Court of Appeals of Arizona, First Division

July 31, 2018

MANUEL GALLARZO, Appellant,
v.
ARIZONA DEPARTMENT OF ECONOMIC SECURITY, an agency, and PROGRESSIVE LOGISTICS SERVICES LLC, Appellees. PHYLLIS CHASE, Appellant,
v.
ARIZONA DEPARTMENT OF ECONOMIC SECURITY, an agency, and, JP MORGAN CHASE BANK, Appellees. PEDRO MARTINEZ, Appellant,
v.
ARIZONA DEPARTMENT OF ECONOMIC SECURITY, an agency, Appellee. GABRIELA RAMOS, Appellant,
v.
ARIZONA DEPARTMENT OF ECONOMIC SECURITY, an agency, and, CONNECTICUT GENERAL LIFE INSURANCE CO., Appellees. NICOLE GROW, Appellant,
v.
ARIZONA DEPARTMENT OF ECONOMIC SECURITY, an agency, and, WALMART ASSOCIATES, INC., Appellees. KIMBERLEE SULLINS, Appellant,
v.
ARIZONA DEPARTMENT OF ECONOMIC SECURITY, an agency, Appellee.

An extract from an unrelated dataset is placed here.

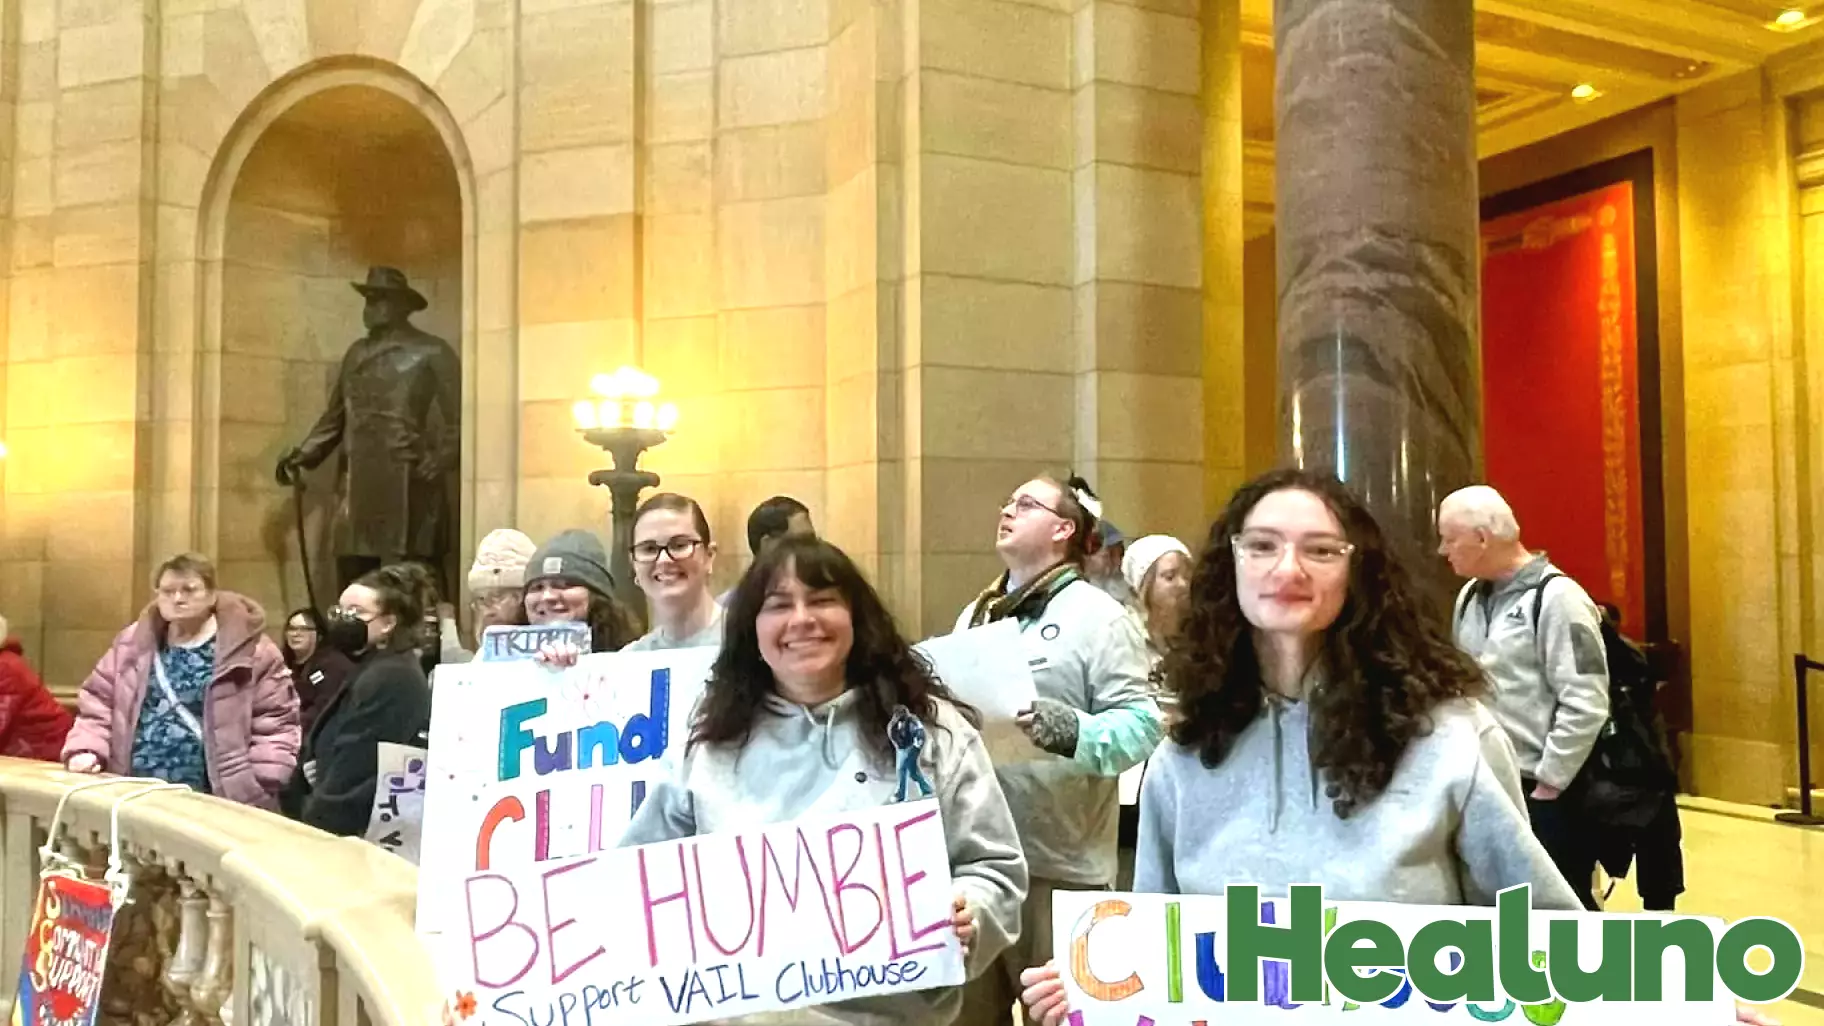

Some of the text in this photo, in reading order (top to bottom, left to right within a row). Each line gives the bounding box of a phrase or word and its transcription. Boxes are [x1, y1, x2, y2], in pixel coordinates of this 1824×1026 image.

          Appeal from the A.D.E.S. Appeals Board Nos. U-1415014-001-BR, U-1445293-001-BR, U-1442365-001-BR, U-1396354-001-BR, U-1447832-001-BR, U-1481487-001-BR

          Arizona Attorney General's Office, Phoenix By Carol A. Salvati, JoAnn Falgout Counsel for Appellee Arizona Department of Economic Security

          Kercsmar & Feltus, PLLC, Scottsdale By Julia A. Wagner Coppersmith Brockelman, PLC, Phoenix By D. Andrew Gaona Co-Counsel for Amicus Curiae

          Progressive Logistics Services, LLP, St. Louis, MO Appellee JP Morgan Chase Bank, NA, Dallas, TX Appellee Connecticut General Life Insurance Company, Denver, CO Appellee Wal-Mart Associates, Inc., Denver, CO Appellee

          Manuel Gallarzo, Phoenix Appellant Phyllis Chase, Phoenix Appellant Pedro Martinez, Phoenix Appellant Kimberlee Sullins, Show Low Appellant Gabriela Ramos, Lynwood, CA Appellant Nicole Grow, Phoenix Appellant

          Judge Peter B. Swann delivered the opinion of the court, in which Presiding Judge Diane M. Johnsen and Judge Lawrence F. Winthrop joined.

          OPINION

          SWANN, JUDGE

         ¶1 This consolidated matter arises from the Arizona Department of Economic Security's sustained failure, over a period of years, to perform its obligation under A.R.S. § 41-1993(B) to transmit to this court applications for appeal in disputes regarding claimants' entitlement to government benefits. The Department's unexcused breach of its statutory duty resulted in the delayed resolution of hundreds of applications, including applications concerning substantial benefit overpayments and interest thereon. The parties whose applications were delayed were unjustifiably denied the procedural due process right to timely adjudication of their disputes. In the exercise of our inherent authority, we order that the Department must waive all non-fraud overpayment interest caused by its delay in the consolidated cases. Further, as set forth below, we issue several orders designed to prevent future delays, ensure a complete remedy, and protect the rights of applicants whose colorable claims were delayed.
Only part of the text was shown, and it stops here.